Joe Walsh and friends

By Barry Gilbert

How about a Joe Walsh supergroup?

The Eagles guitarist posted a Facebook photo last week that was picked up by multiple music blogs, showing an impressive group of musicians with him in the studio (above from left): blues man Keb Mo’, bassist/producer Don Was, Mick Jagger, Jeff Beck bassist Tal Wilkenfeld, keyboardist Mike Finnegan, Walsh and his brother-in-law Ringo Starr, and another pretty fair drummer, Jim Keltner.

Walsh posted a second photo of himself with R&B icon Bill Withers.

In the post, Walsh said only: “Cooking up something here at Capitol Records. I think you’ll like it.” Wilkenfeld posted: “Thursdays in the office are usually pretty mellow. Like today … when I wrote a song with Bill Withers, Mick Jagger, Keb Mo’ & Joe Walsh. LOL.”

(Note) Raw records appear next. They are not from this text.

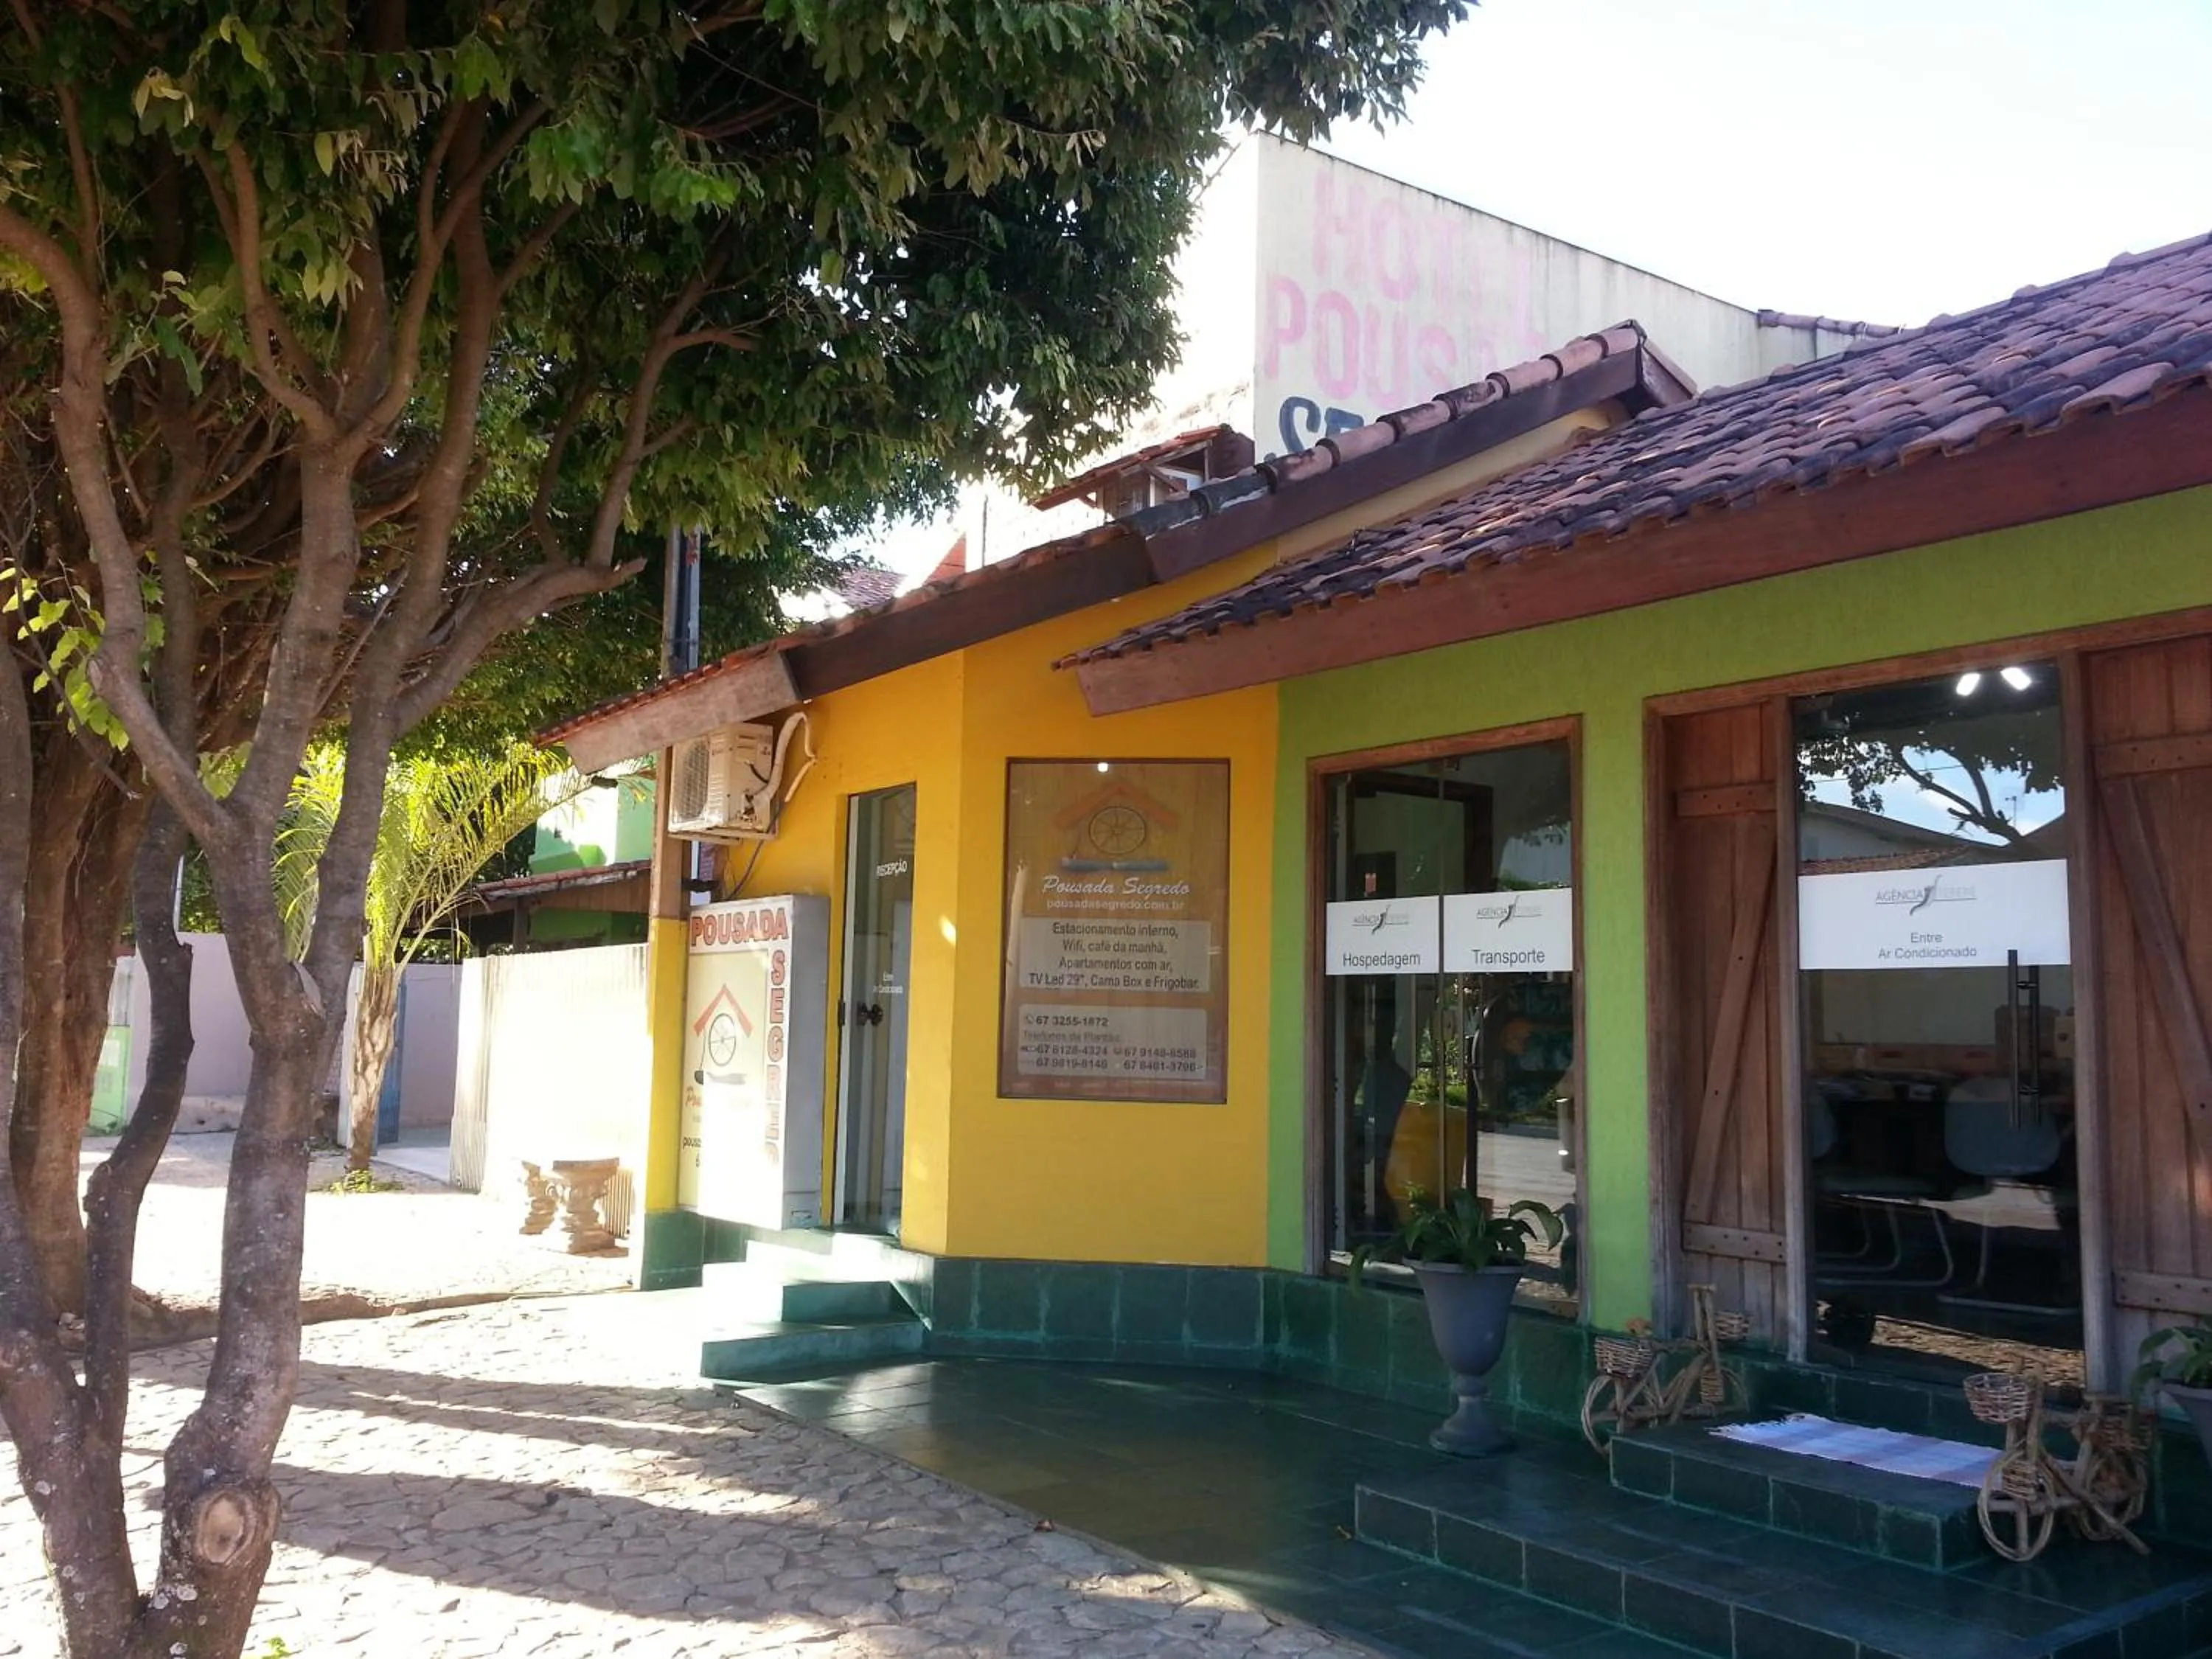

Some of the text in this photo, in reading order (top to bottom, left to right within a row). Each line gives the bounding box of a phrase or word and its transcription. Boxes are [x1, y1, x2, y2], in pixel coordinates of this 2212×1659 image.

[1041, 875, 1190, 900] Pousada Segredo
[690, 907, 790, 947] POUSADA
[1053, 922, 1178, 939] Estacionamento interno,
[1910, 931, 1944, 944] Entre
[1113, 941, 1127, 953] da
[1878, 945, 1978, 959] Ar Condicionado
[1058, 957, 1132, 971] Apartamentos
[1134, 961, 1157, 970] com
[1342, 950, 1422, 971] Hospedagem
[1471, 947, 1545, 967] Transporte
[1029, 973, 1043, 984] TV
[1091, 974, 1121, 987] Cama
[1123, 975, 1142, 987] Box
[1145, 978, 1151, 987] e
[1036, 1016, 1048, 1026] 67
[765, 949, 786, 1165] SEGRE

And that was it for hard information. However, in an interview last week in advance of his St. Louis show April 4 with Bob Seger, Walsh added some details. Here’s the Q&A:

Q: You teased something the other day about a project with Mick Jagger and Ringo and some others, can you tell us a little more about what you’re working on?

Walsh: Well, I just got this idea of rounding some people up and getting together and just recording. No overdubs. Dr. John came, a bunch of people, Kenny Wayne Shepherd played on some stuff, Robert Randolph was there and, much to my surprise, Mick came over. We did blues, basically we did blues and anything that came out of that general approach we did, too. I’ve got 12 things, and everybody … I didn’t tell anybody what to play. I’m not gonna tell Dr. John what to play, I’m not gonna tell Mick what to sing. So I just did my thing and some pretty amazing music came out of it.

Now first, I’m an Eagle, because the Eagles are starting in July with a whole new show and stage and lights and set and sound and all that. First I’m an Eagle. But I have this stuff in the can, and it’s really good, and it’s an analog album in terms of performance and capturing human performance. But it’s done with digital technology.

Q: So you’ll put something out?

Walsh: Oh yeah, be a shame not to.

Q: I saw Beck his last time through St. Louis, and Wilkenfeld was amazing, just amazing.

Walsh: (laughing) I know! I know! I know! This amazing bass comes out of this little 23-year-old girl, and I can’t figure it out. Nobody can. All the musicians sit there and go, what in the world is going on?

Walsh also talked about opening for Seger, which he says he’s more than happy to do. Seger is, after all, an Eagles associate through his connection to Glenn Frey, who played guitar and sang on “Ramblin’ Gamblin’ Man” from Seger’s 1968 debut.

“Bob was a mentor to Glenn and told him, ‘You gotta write. If you wanna make it in this business, you gotta write your own music,’ ” Walsh recalls.

“Glenn said, ‘Yeah, but my songs stink.’ And Bob said, ‘Yeah, they will do that for a while till you learn how, but you should go to LA and get out of Detroit and start writing music.’ So Glenn did. … That’s all Bob’s fault!

“And then Bob wrote a couple of things, he co-wrote ‘New Kid in Town’ and ‘Heartache Tonight.’ We kind of called Bob in for a little shot of Seger into an Eagles song, that’s always a good thing. So he’s been one of the community for years.”